### Work to complete
Without copying any picture, return all lines below exactly.

### Dataset excerpts
▼▼▼
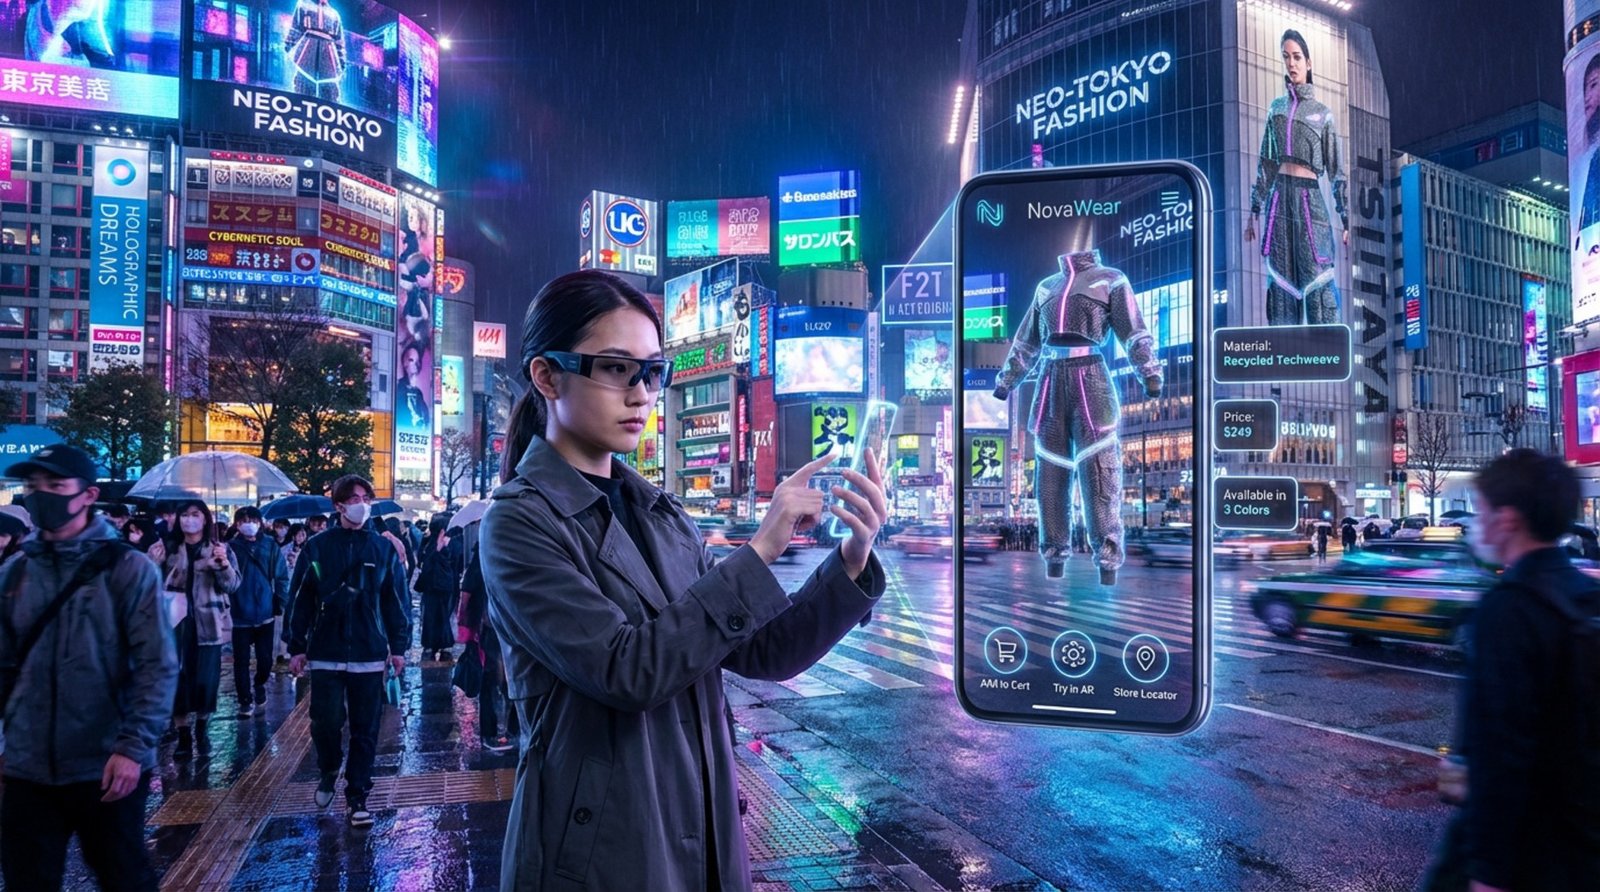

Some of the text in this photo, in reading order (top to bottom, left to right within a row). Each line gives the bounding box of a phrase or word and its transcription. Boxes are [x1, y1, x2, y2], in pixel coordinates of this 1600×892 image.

[1015, 50, 1171, 125] NEO-TOKYO
[233, 88, 382, 138] NEO-TOKYO
[1033, 80, 1149, 140] FASHION
[253, 112, 365, 152] FASHION
[1028, 199, 1121, 219] NovaWear
[99, 202, 119, 286] DREAMS
[208, 230, 274, 245] CYBERNETIC
[123, 205, 140, 320] HOLOGRAPHIC
[901, 271, 942, 298] F2T
[1223, 340, 1272, 352] Material:
[1223, 355, 1274, 368] Recycled
[1223, 411, 1255, 423] Price:
[1223, 425, 1252, 438] $249
[1276, 489, 1287, 501] in
[1223, 503, 1270, 516] 3 Colors
[1053, 682, 1095, 696] Try in AR
[1140, 689, 1178, 700] Locator
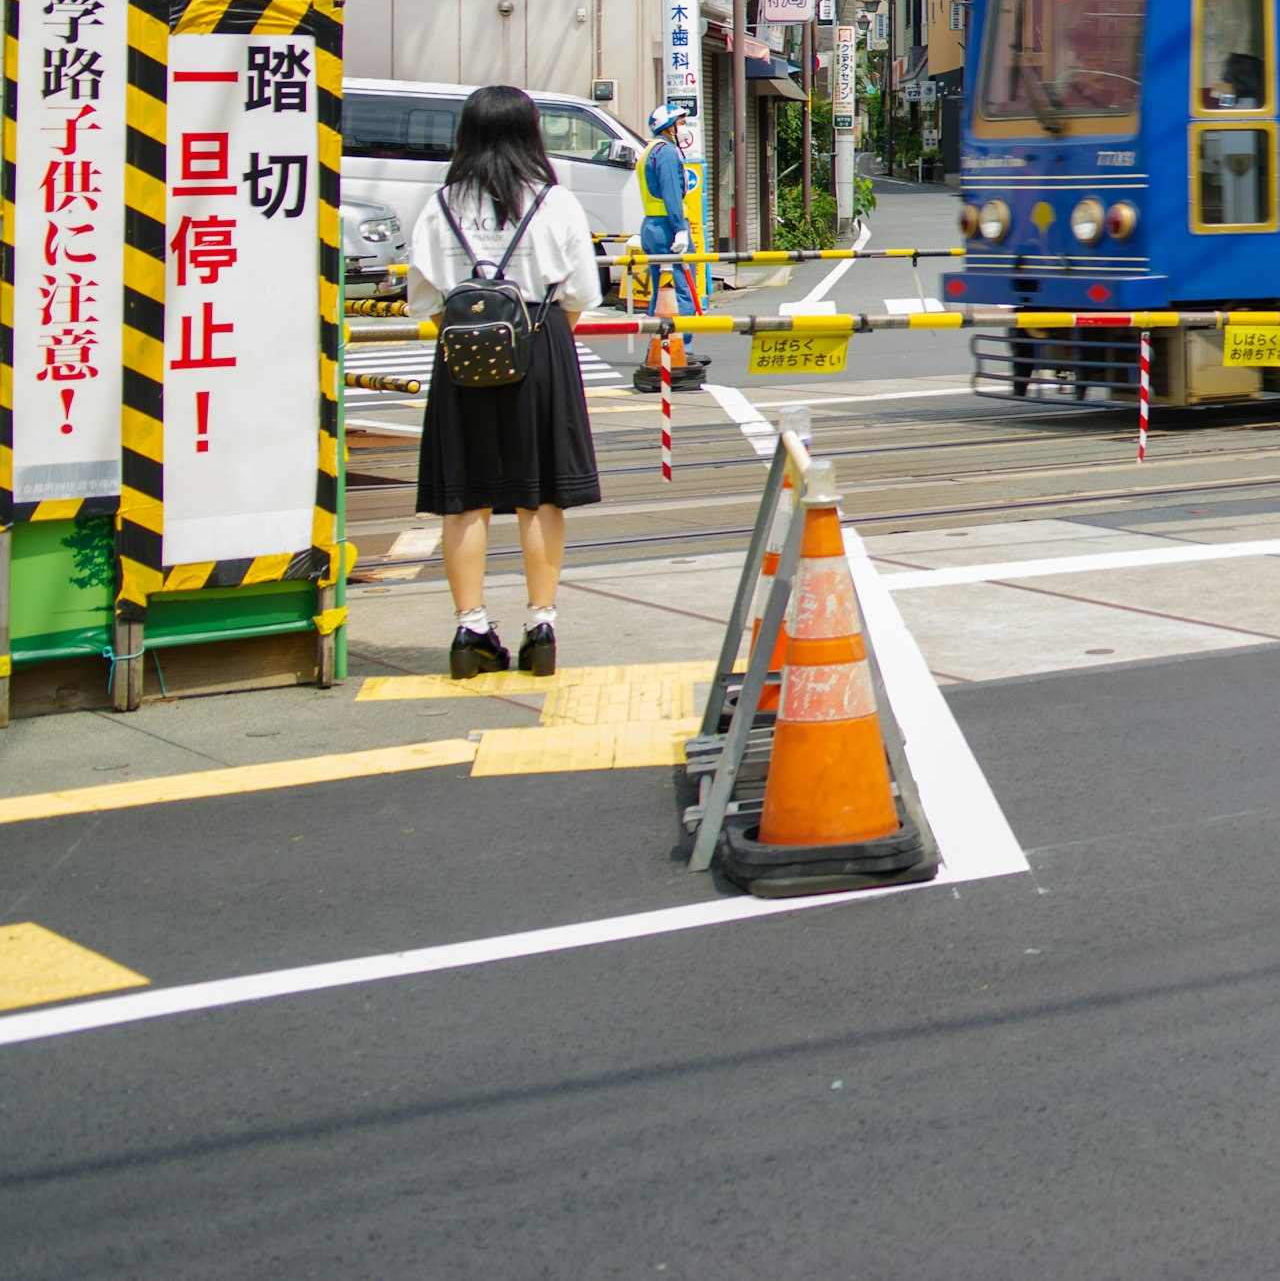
▲▲▲
### Result
Some of the text in this photo, in reading order (top to bottom, left to right within a row). Each line gives the bounding box of a phrase or word and its transcription. Boxes are [x1, y1, x2, y2], in pixel coordinates of this 1600×892 image.

[1015, 50, 1171, 125] NEO-TOKYO
[233, 88, 382, 138] NEO-TOKYO
[1033, 80, 1149, 140] FASHION
[253, 112, 365, 152] FASHION
[1028, 199, 1121, 219] NovaWear
[99, 202, 119, 286] DREAMS
[208, 230, 274, 245] CYBERNETIC
[123, 205, 140, 320] HOLOGRAPHIC
[901, 271, 942, 298] F2T
[1223, 340, 1272, 352] Material:
[1223, 355, 1274, 368] Recycled
[1223, 411, 1255, 423] Price:
[1223, 425, 1252, 438] $249
[1276, 489, 1287, 501] in
[1223, 503, 1270, 516] 3 Colors
[1053, 682, 1095, 696] Try in AR
[1140, 689, 1178, 700] Locator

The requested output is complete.